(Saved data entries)
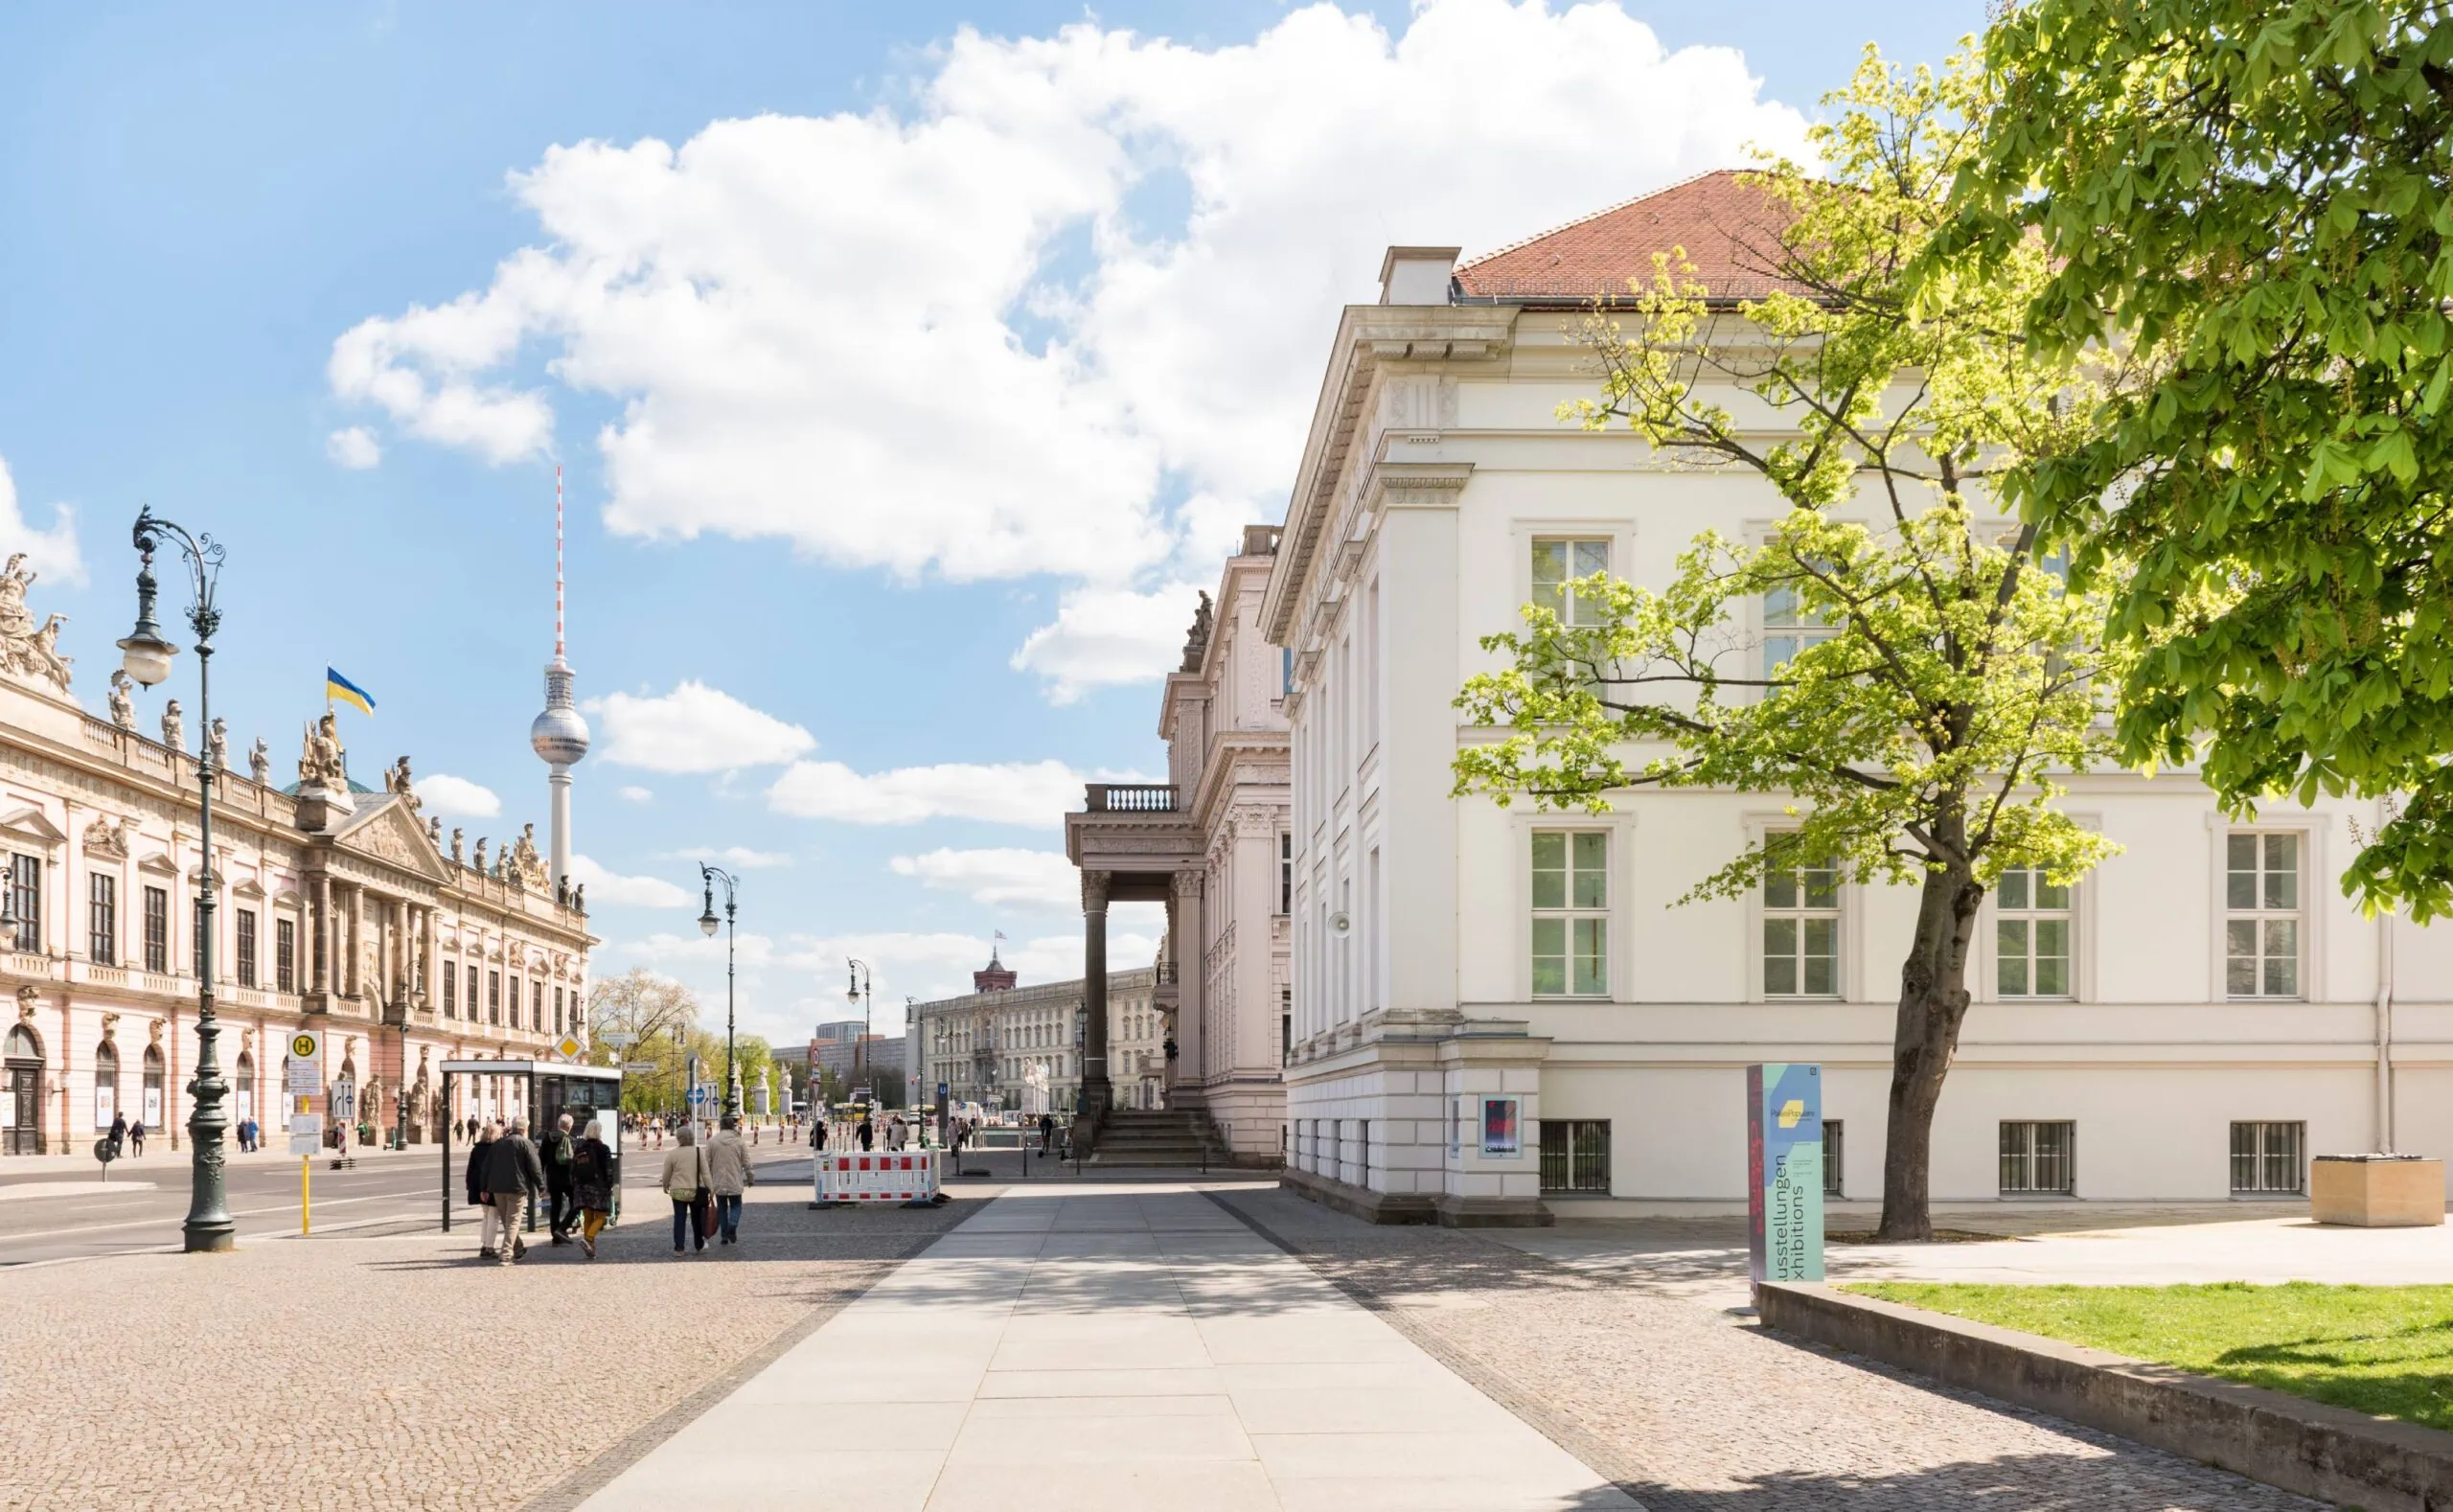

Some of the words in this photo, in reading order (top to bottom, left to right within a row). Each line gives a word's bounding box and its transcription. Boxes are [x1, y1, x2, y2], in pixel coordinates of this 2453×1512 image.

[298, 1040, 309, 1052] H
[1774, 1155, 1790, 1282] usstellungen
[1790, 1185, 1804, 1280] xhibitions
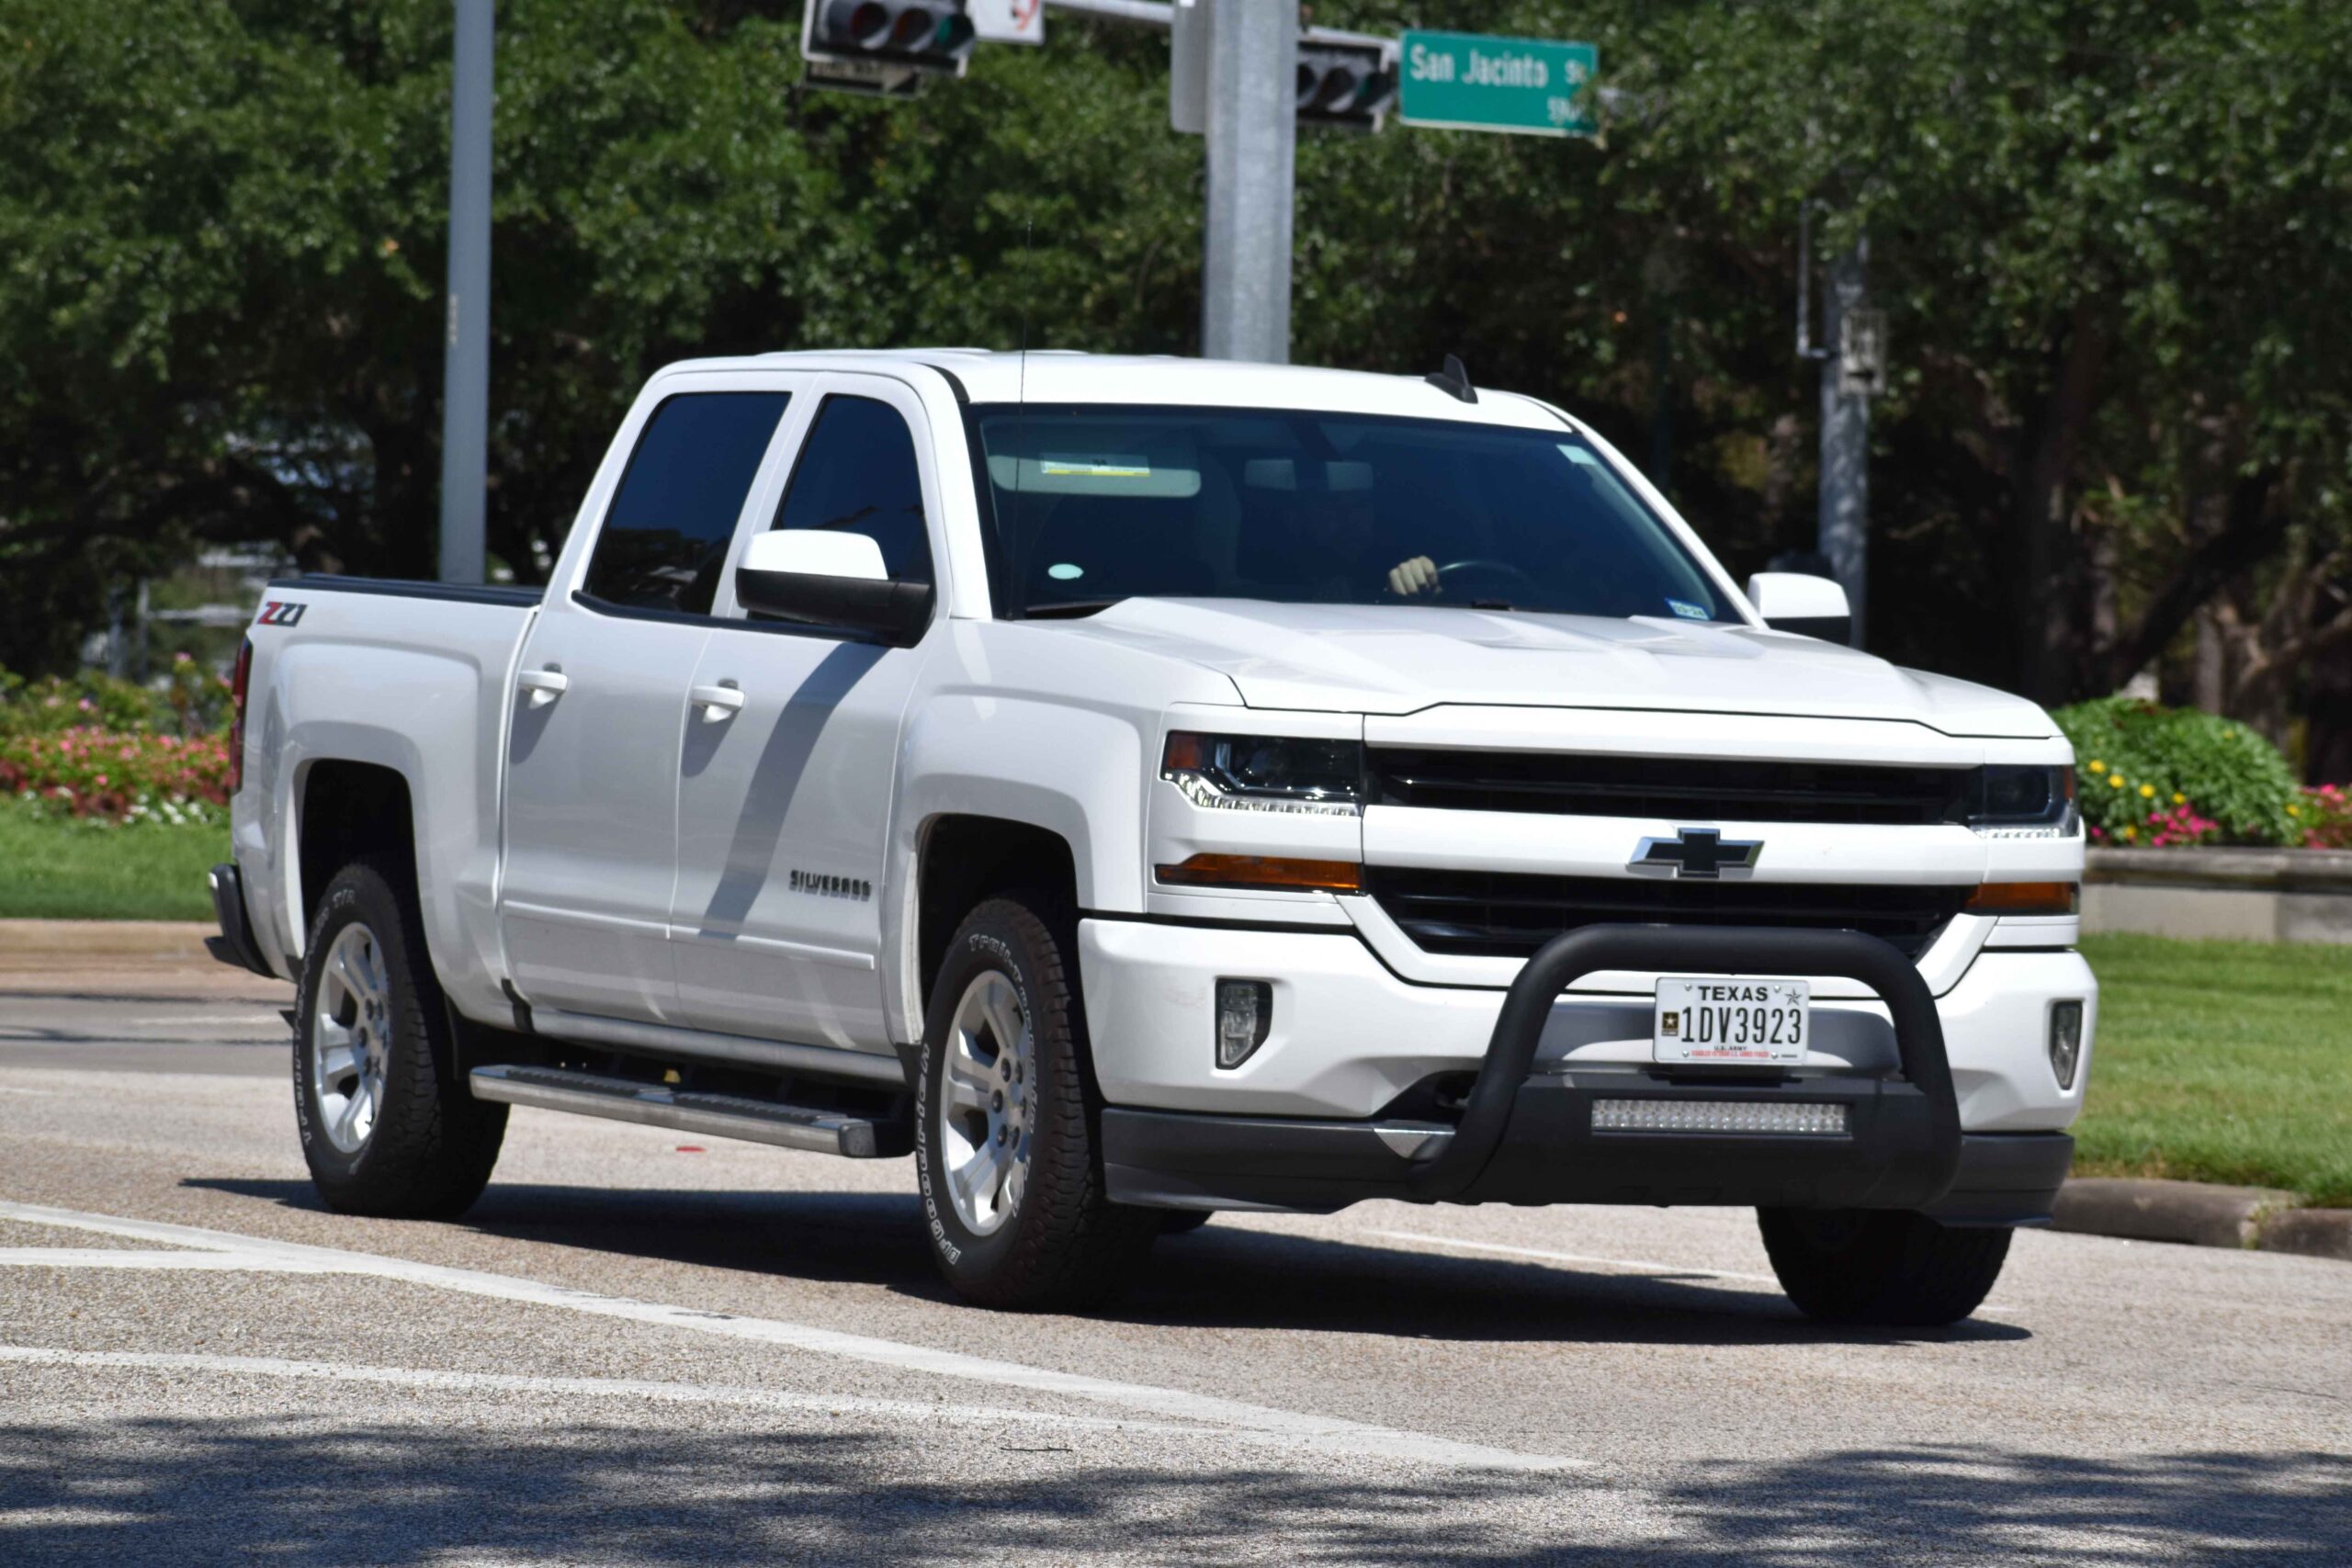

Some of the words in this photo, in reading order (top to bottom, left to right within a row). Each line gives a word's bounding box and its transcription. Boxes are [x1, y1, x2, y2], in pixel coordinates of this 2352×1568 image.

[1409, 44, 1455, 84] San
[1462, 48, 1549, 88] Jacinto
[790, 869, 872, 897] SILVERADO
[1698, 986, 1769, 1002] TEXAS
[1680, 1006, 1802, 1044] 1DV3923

**ABOUT THIS TASK**
Without including any picture, print all of the entries above exactly.

**EXERCISE SOLUTION**
Some of the words in this photo, in reading order (top to bottom, left to right within a row). Each line gives a word's bounding box and its transcription. Boxes are [x1, y1, x2, y2], in pixel coordinates of this 2453×1512 image.

[298, 1040, 309, 1052] H
[1774, 1155, 1790, 1282] usstellungen
[1790, 1185, 1804, 1280] xhibitions

Some of the words in this photo, in reading order (top to bottom, left to right within a row). Each line gives a word's bounding box and its transcription. Boxes are [x1, y1, x2, y2], in pixel coordinates of this 2352×1568 image.

[1409, 44, 1455, 84] San
[1462, 48, 1549, 88] Jacinto
[790, 869, 872, 897] SILVERADO
[1698, 986, 1769, 1002] TEXAS
[1680, 1006, 1802, 1044] 1DV3923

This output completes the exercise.